Source-backed implementations are provided below for direct study and interview prep.

// Accepted solution for LeetCode #3591: Check if Any Element Has Prime Frequency
import java.util.*;

class Solution {
    public boolean checkPrimeFrequency(int[] nums) {
        Map<Integer, Integer> cnt = new HashMap<>();
        for (int x : nums) {
            cnt.merge(x, 1, Integer::sum);
        }

        for (int x : cnt.values()) {
            if (isPrime(x)) {
                return true;
            }
        }
        return false;
    }

    private boolean isPrime(int x) {
        if (x < 2) {
            return false;
        }
        for (int i = 2; i <= x / i; i++) {
            if (x % i == 0) {
                return false;
            }
        }
        return true;
    }
}
Step 06

Interactive Study Demo

Use this to step through a reusable interview workflow for this problem.

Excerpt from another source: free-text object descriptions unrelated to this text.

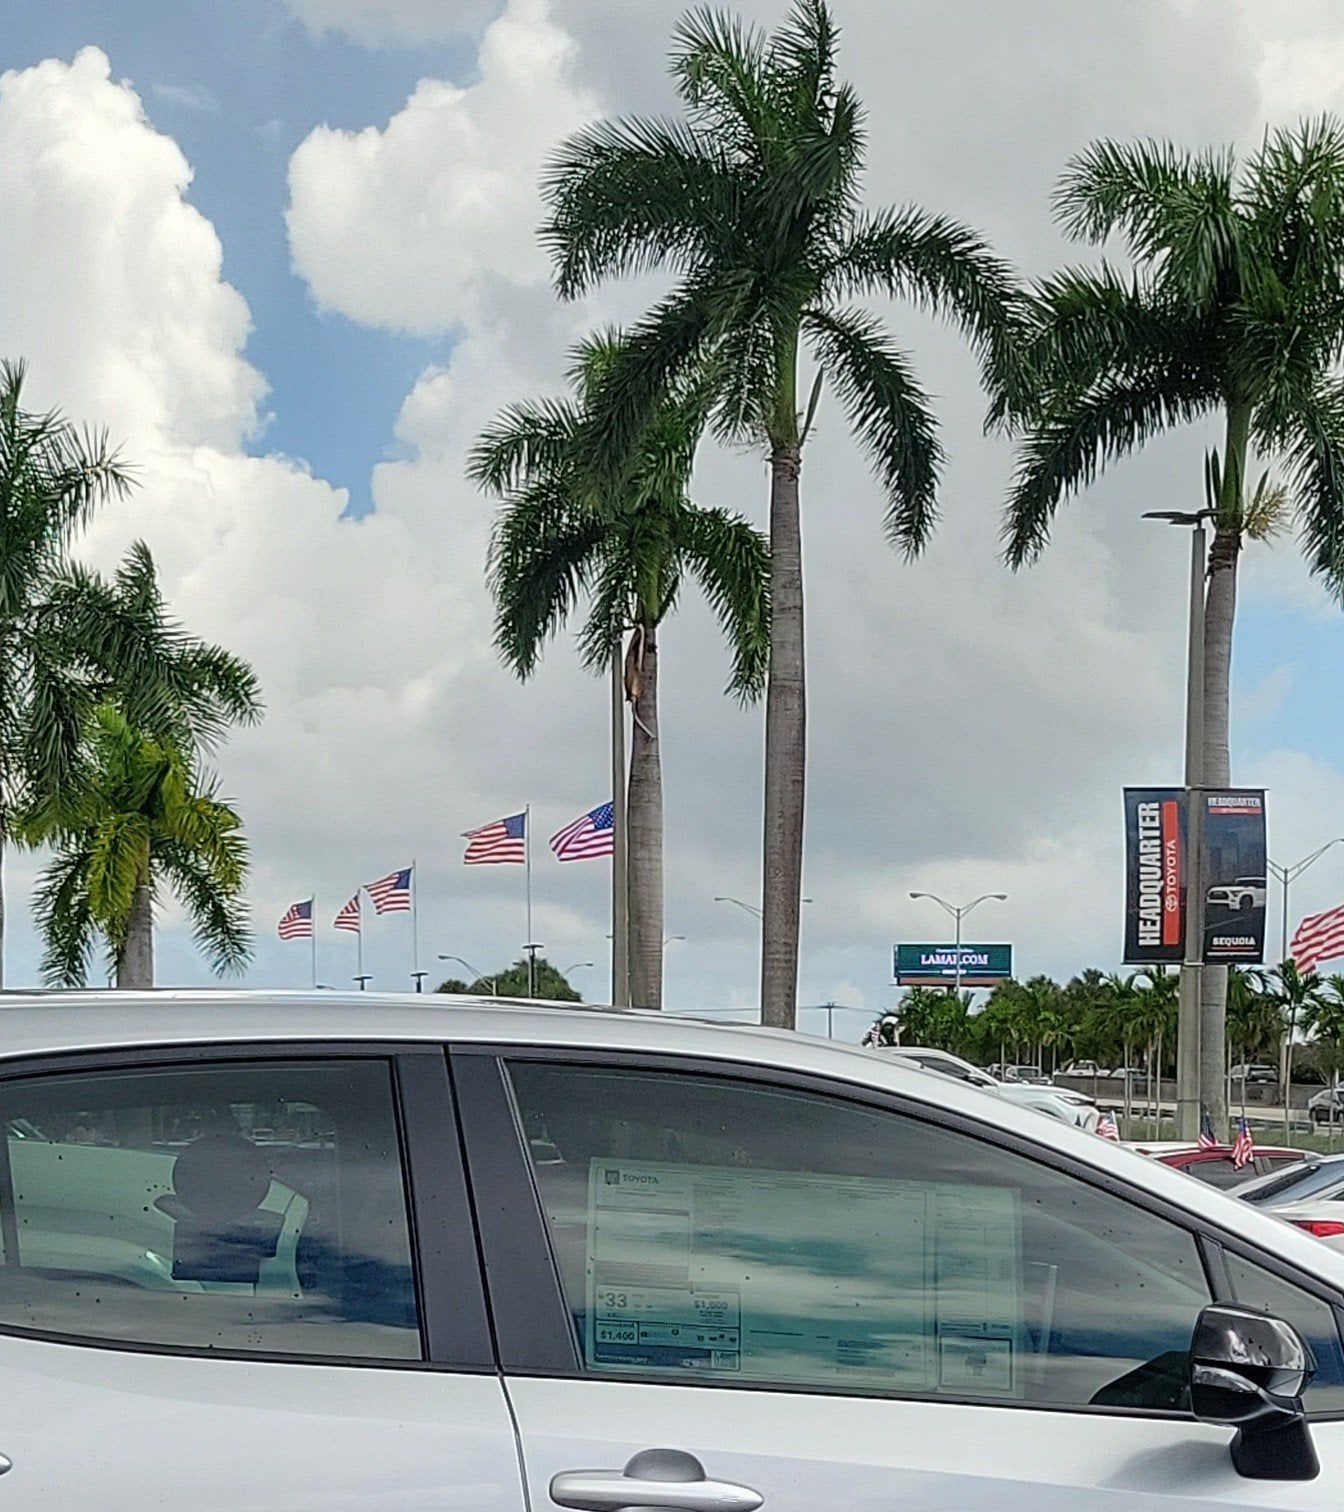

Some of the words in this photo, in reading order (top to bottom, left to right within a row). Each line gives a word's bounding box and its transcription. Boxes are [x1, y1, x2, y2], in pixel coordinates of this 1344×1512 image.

[1138, 802, 1164, 946] HEADQUARTER
[1165, 839, 1177, 894] TOYOTA
[1212, 936, 1256, 947] SEQUOIA
[622, 1174, 659, 1185] TOYOTA
[606, 1292, 628, 1308] 33

Press Step or Run All to begin.
Step 07

Complexity Analysis

Time
O(n × sqrtM)
Space
O(n)

Approach Breakdown

BRUTE FORCE
O(n²) time
O(1) space

Two nested loops check every pair or subarray. The outer loop fixes a starting point, the inner loop extends or searches. For n elements this gives up to n²/2 operations. No extra space, but the quadratic time is prohibitive for large inputs.

OPTIMIZED
O(n) time
O(1) space

Most array problems have an O(n²) brute force (nested loops) and an O(n) optimal (single pass with clever state tracking). The key is identifying what information to maintain as you scan: a running max, a prefix sum, a hash map of seen values, or two pointers.

Shortcut: If you are using nested loops on an array, there is almost always an O(n) solution. Look for the right auxiliary state.
Coach Notes

Common Mistakes

Review these before coding to avoid predictable interview regressions.

Off-by-one on range boundaries

Wrong move: Loop endpoints miss first/last candidate.

Usually fails on: Fails on minimal arrays and exact-boundary answers.

Fix: Re-derive loops from inclusive/exclusive ranges before coding.

Mutating counts without cleanup

Wrong move: Zero-count keys stay in map and break distinct/count constraints.

Usually fails on: Window/map size checks are consistently off by one.

Fix: Delete keys when count reaches zero.

Overflow in intermediate arithmetic

Wrong move: Temporary multiplications exceed integer bounds.

Usually fails on: Large inputs wrap around unexpectedly.

Fix: Use wider types, modular arithmetic, or rearranged operations.